No faltan los procedentes de ciudades y latitudes de más longeva industrialización y más arraigada relación con las gentes del continente europeo que añaden a estas quejas una cierta irritación suplementaria, porque consideran que los usos y costumbres de la capital del Reino son bastante más «provincianos» -menos elegantes y refinados, quieren decir- que los de su lugar de origen. Se trata de una discusión que me apasiona más bien poco, tal vez porque soy natural de San Sebastián, ciudad cuyo arraigado carácter señorial me ha resultado siempre más molesto que ventajoso. (*)

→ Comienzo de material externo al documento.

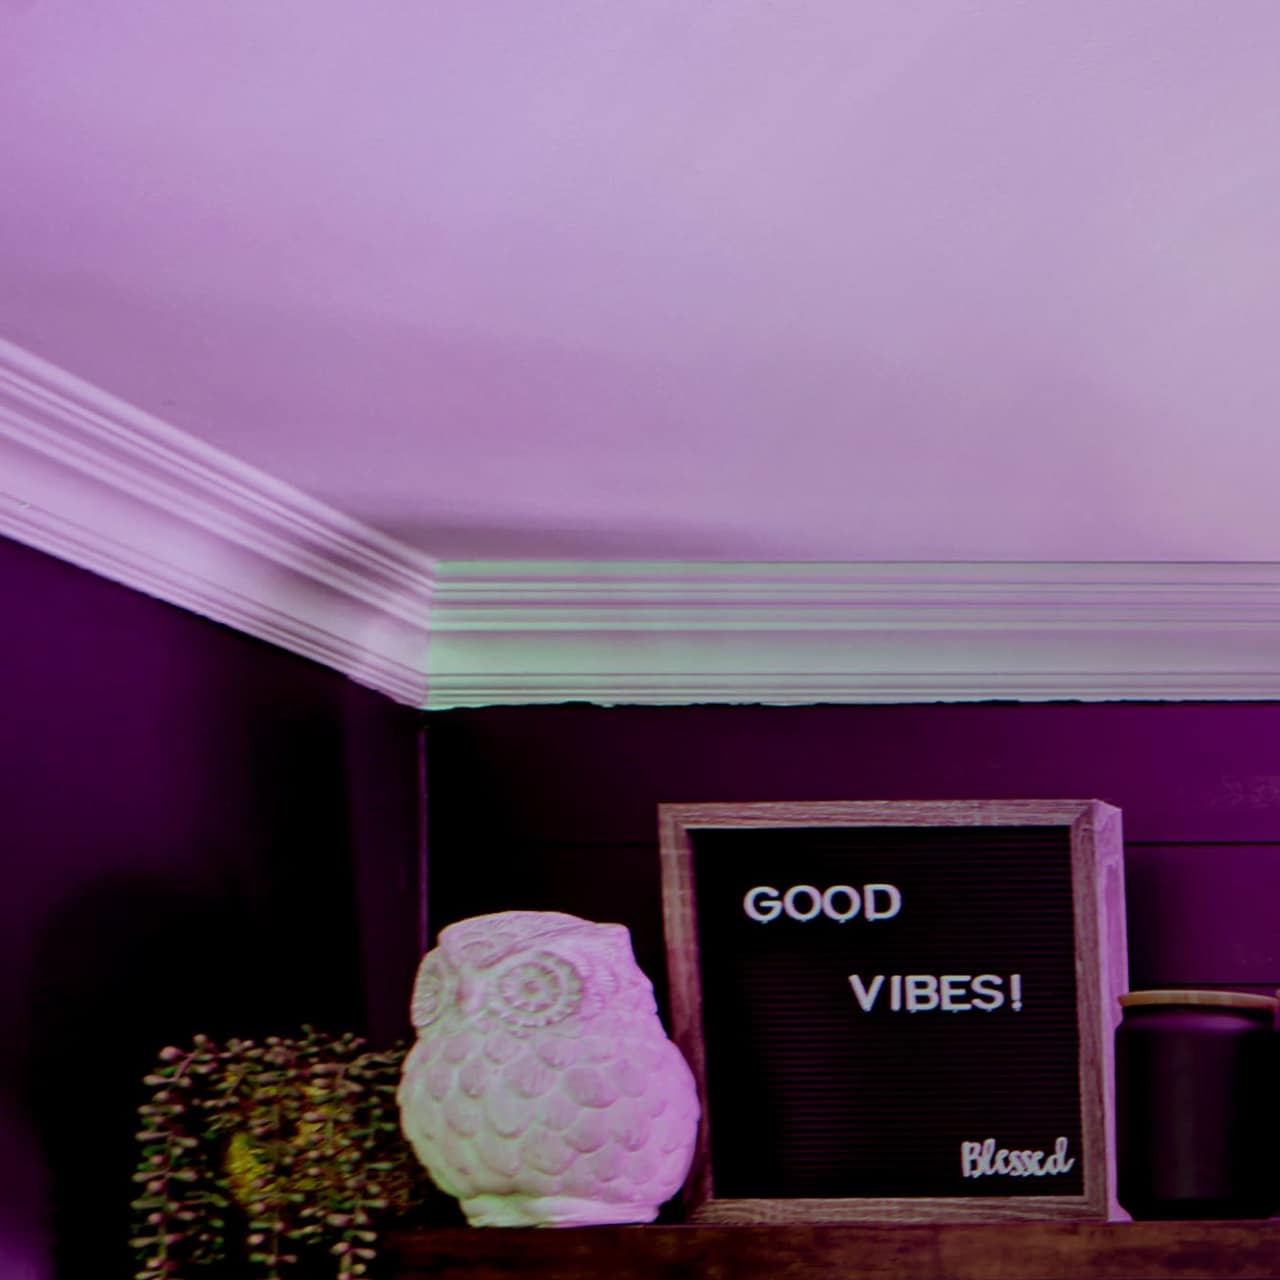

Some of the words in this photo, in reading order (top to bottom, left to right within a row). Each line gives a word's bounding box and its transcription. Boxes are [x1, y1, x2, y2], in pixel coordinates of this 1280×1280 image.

[743, 884, 902, 923] GOOD
[848, 974, 1023, 1013] VIBES!
[961, 1137, 1075, 1178] Blessed

Pero, si el uso de la expresión «de provincias» no da ciertamente prueba de ningún refinamiento, tampoco merece mejor aprecio la manía que tienen bastantes no madrileños de cargar a la población de Madrid con lacras que no le pertenecen. Quien vive en Madrid -sea nacido donde sea- puede identificarse con el centralismo español de más vieja raigambre, desde luego, pero no por el hecho de ser habitante de Madrid. La capitalidad aporta a la gran urbe mesetaria muchas ventajas, pero también muchos inconvenientes. No creo que el balance deje más en el haber que en el debe. Añádase a ello que el llamado «Gobierno de Madrid» apenas incluye madrileños, y que hasta en el Ayuntamiento de Madrid se oyen a veces más acentos seseantes que en los de algunas ciudades sureñas, como sabemos cuantos sobrellevamos con infinita paciencia los nada exultantes espiches diarios de doña Trinidad Jiménez.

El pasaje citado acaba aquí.